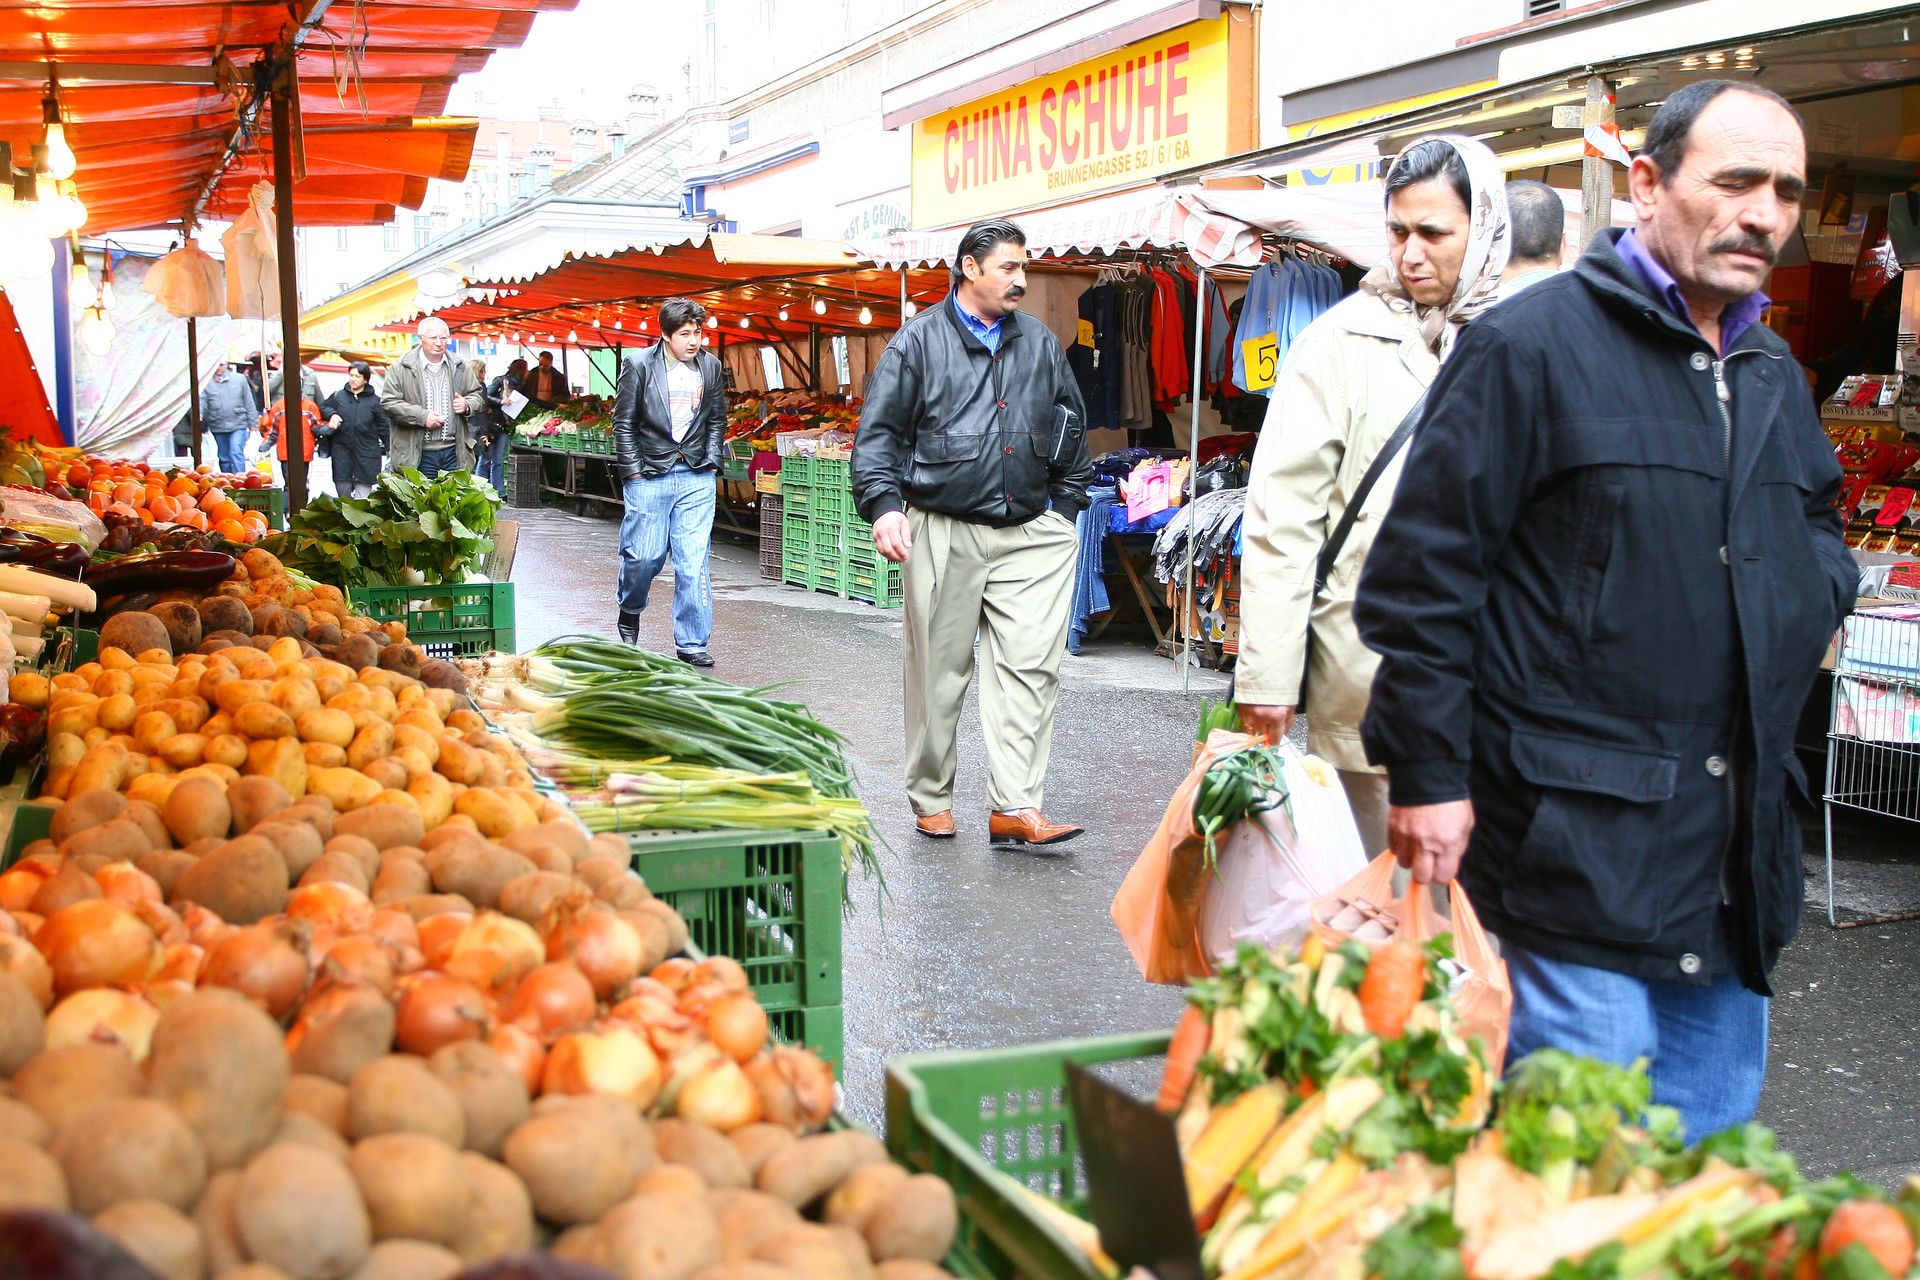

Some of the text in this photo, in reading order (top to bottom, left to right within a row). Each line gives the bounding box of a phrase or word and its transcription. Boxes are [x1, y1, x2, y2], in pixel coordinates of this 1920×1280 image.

[944, 96, 1032, 194] CHINA
[1039, 41, 1189, 171] SCHUHE
[1047, 153, 1131, 189] BRUNNENGASSE
[1135, 150, 1148, 168] 52
[1157, 145, 1165, 164] 6
[1174, 139, 1190, 161] 6A
[863, 210, 870, 232] &
[872, 200, 908, 229] GEMÜS
[1259, 344, 1277, 382] 5
[1858, 408, 1865, 416] 12
[1872, 408, 1888, 417] 200g
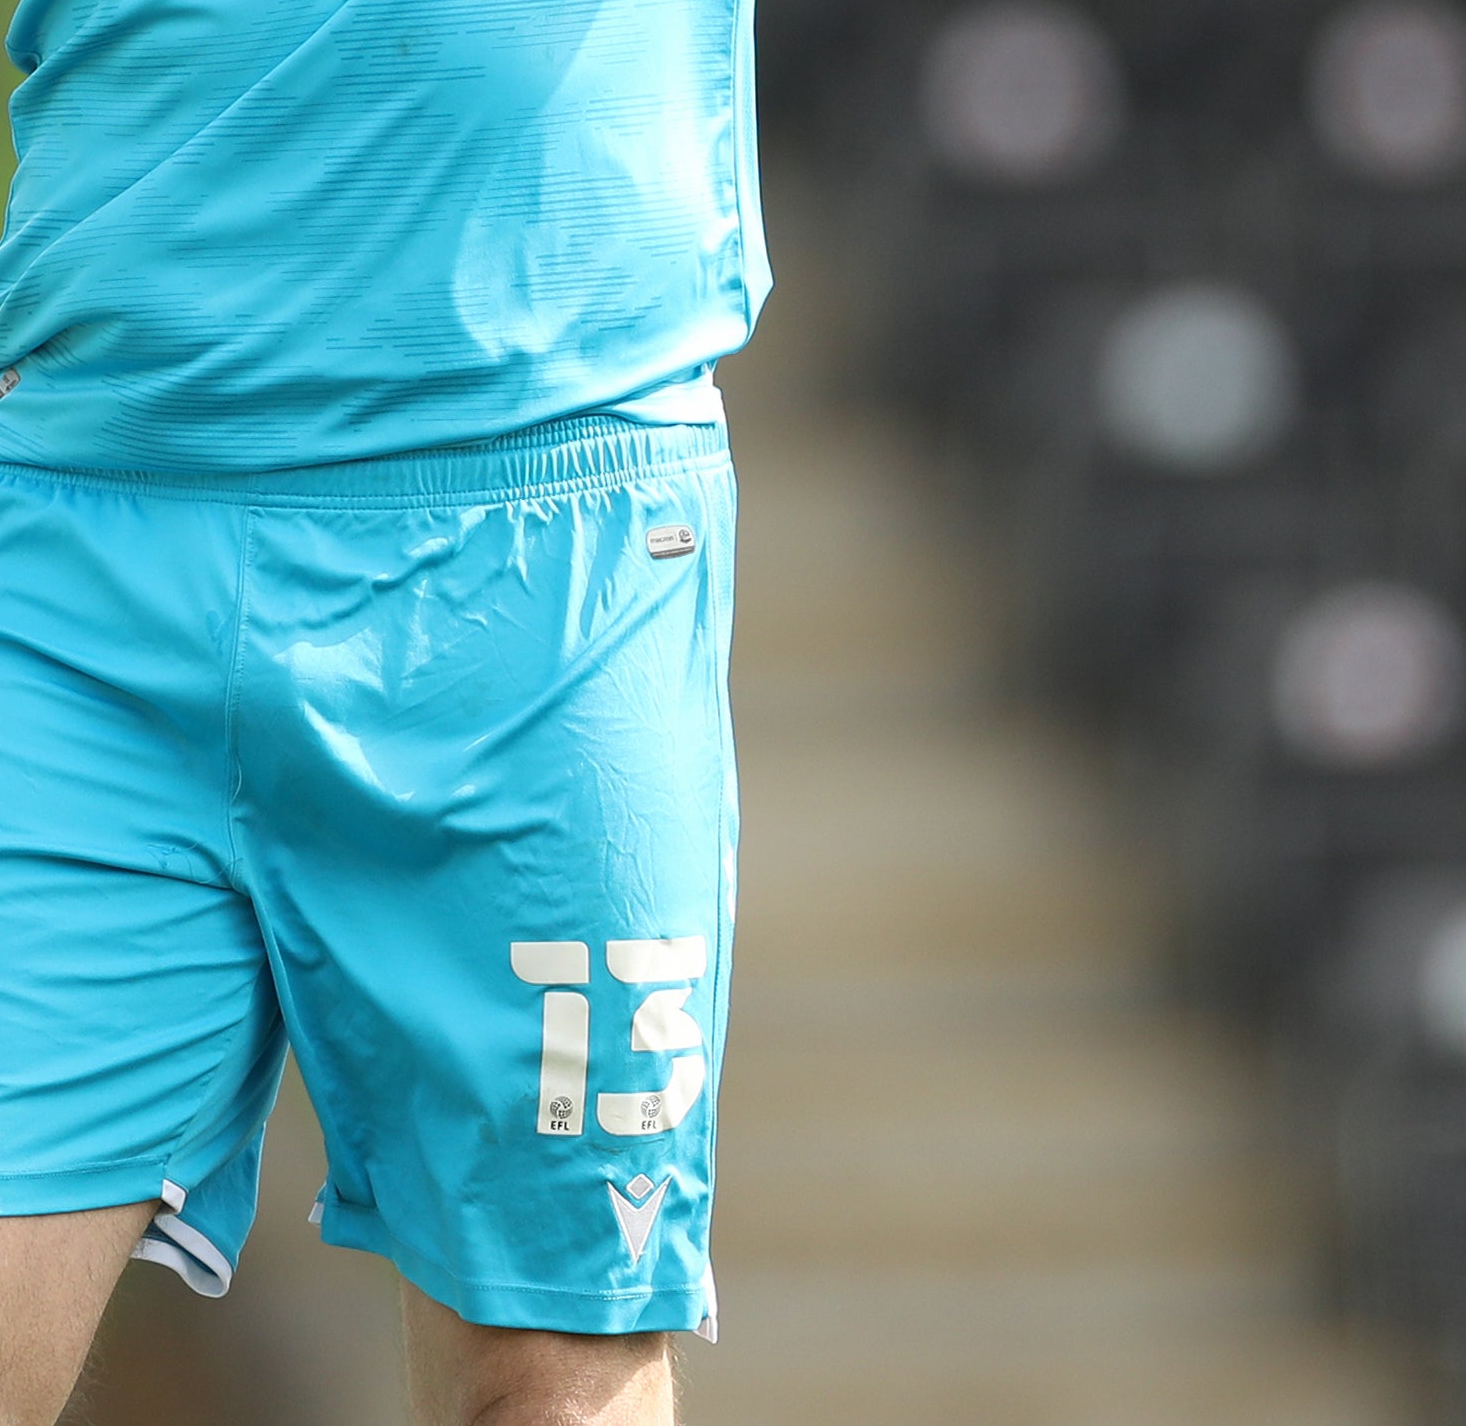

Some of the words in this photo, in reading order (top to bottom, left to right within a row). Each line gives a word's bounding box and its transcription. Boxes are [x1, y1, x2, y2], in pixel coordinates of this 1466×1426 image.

[510, 936, 708, 1136] 13
[550, 1120, 570, 1131] EFL
[641, 1120, 657, 1130] EFL

===

WHAT THE EXERCISE ASKS: Set down the complete material exactly, but do not include the images.

EXERCISE OUTPUT:
Some of the text in this photo, in reading order (top to bottom, left to right within a row). Each line gives the bounding box of a phrase or word and its transcription. Boxes are [x1, y1, x2, y2], in pixel coordinates of this 1920×1280 image.

[944, 96, 1032, 194] CHINA
[1039, 41, 1189, 171] SCHUHE
[1047, 153, 1131, 189] BRUNNENGASSE
[1135, 150, 1148, 168] 52
[1157, 145, 1165, 164] 6
[1174, 139, 1190, 161] 6A
[863, 210, 870, 232] &
[872, 200, 908, 229] GEMÜS
[1259, 344, 1277, 382] 5
[1858, 408, 1865, 416] 12
[1872, 408, 1888, 417] 200g

Some of the words in this photo, in reading order (top to bottom, left to right within a row). Each line gives a word's bounding box and its transcription. Boxes are [x1, y1, x2, y2], in pixel coordinates of this 1466×1426 image.

[510, 936, 708, 1136] 13
[550, 1120, 570, 1131] EFL
[641, 1120, 657, 1130] EFL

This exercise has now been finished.